Problem Description
You've got a WordPress site and you'd like to learn if there are any known vulnerabilities with any of the installed plugins or themes.
Problem Resolution
As of early 2025, our 1-click web apps utility, powered by Installatron, will now show you a list of installed and active plugins and themes and indicate if there are any known vulnerabilities in them! Here's how to see this:
- Login to Plesk
- Choose 1-click web apps or Installatron
- Beside your website in the list, choose the Edit button
- Select the Plugins tab (or Themes for the same type of results)
- Beside each plugin's name and version, if it is a vulnerable version of the plugin, you will see a warning icon (orange triangle) and the words "Security Issues"
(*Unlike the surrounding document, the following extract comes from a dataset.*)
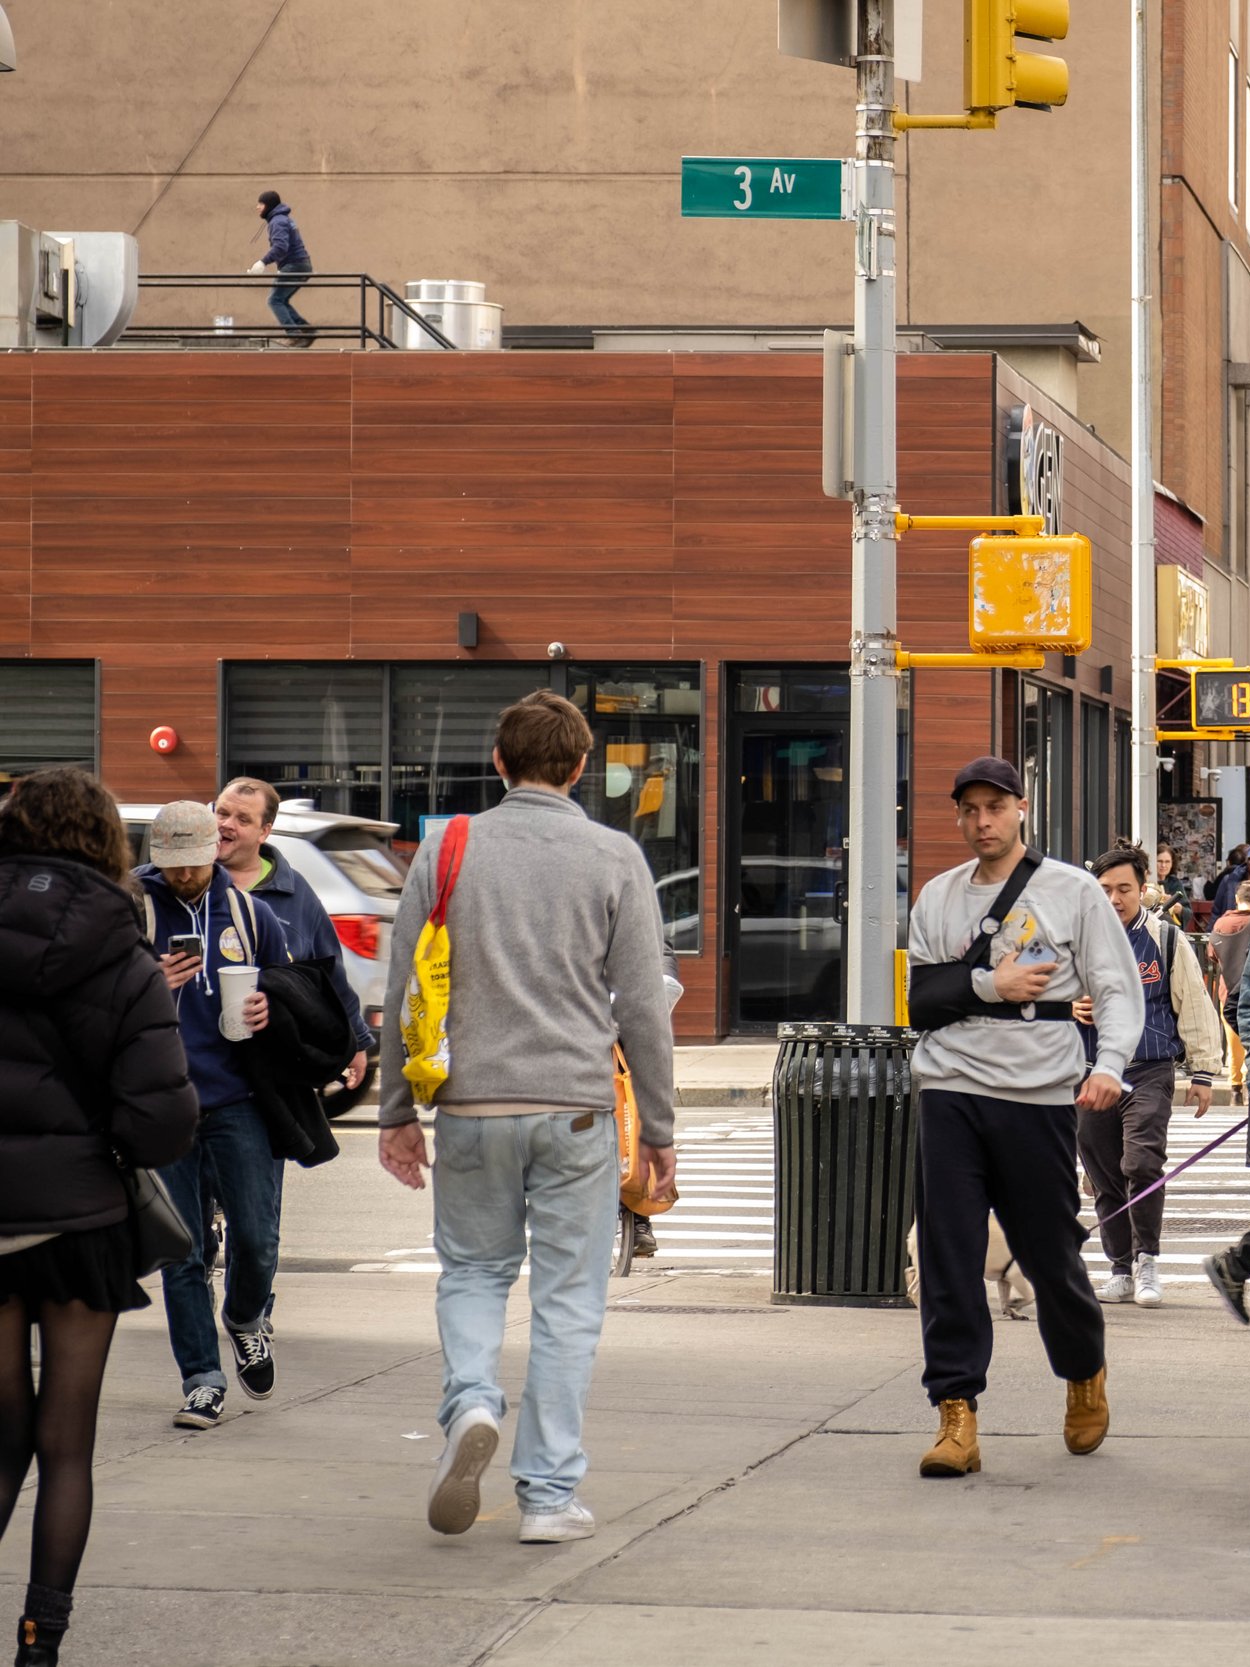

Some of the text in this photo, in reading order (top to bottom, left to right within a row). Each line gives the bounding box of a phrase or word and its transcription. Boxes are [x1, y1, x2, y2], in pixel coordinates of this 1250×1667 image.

[733, 165, 796, 210] 3 Av
[1231, 682, 1250, 718] 13
For any plugin that you see that Security Issues warning, you should look for updates to that plugin and install them. If it is a free plugin - or a paid plugin with a license installed - you should be able to automatically update those plugins. When automatic update is available, you will see an Update button to the left of the Edit button.
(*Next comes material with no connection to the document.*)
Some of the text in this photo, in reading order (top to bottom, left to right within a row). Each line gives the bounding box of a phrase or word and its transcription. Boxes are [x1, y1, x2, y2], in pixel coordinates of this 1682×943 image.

If you don't see an Update button, that means you will need to manually look for updates for those plugins or themes. It's likely because they require a manual download from the vendor's website, then to install the new version manually on your site.
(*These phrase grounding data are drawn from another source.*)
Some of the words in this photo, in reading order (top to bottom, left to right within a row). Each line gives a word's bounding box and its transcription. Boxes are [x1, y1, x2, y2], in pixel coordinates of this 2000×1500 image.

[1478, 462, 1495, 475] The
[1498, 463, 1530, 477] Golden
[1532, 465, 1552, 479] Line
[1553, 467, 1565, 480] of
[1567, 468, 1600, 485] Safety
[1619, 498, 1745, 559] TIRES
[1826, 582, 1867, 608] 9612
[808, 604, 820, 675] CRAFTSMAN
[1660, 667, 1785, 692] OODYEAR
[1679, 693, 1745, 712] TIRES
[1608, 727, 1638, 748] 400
To manually install plugins: you can either do this A) from the same Plugins tab in 1-click web apps, B) from within WordPress (Plugins > Add New), C) using the Plesk File Manager by navigating to the web root > wp-content > plugins and uploading and extracting the plugin zip file there.
To manually install themes: you can do this A) from the same Themes tab in 1-click web apps, B) from within WordPress (Appearance > Themes > Add New), C) using the Plesk File Manager by navigating to the web root > wp-content > themes and uploading and extracting the theme zip file there.
It is recommended to take a backup in 1-click web apps before updating any themes or plugins. You could alternatively make a zip of the existing theme/plugin folder before overwriting it. That way you can simply extract the zip of that one plugin/theme to restore the prior version faster than restoring the entire site.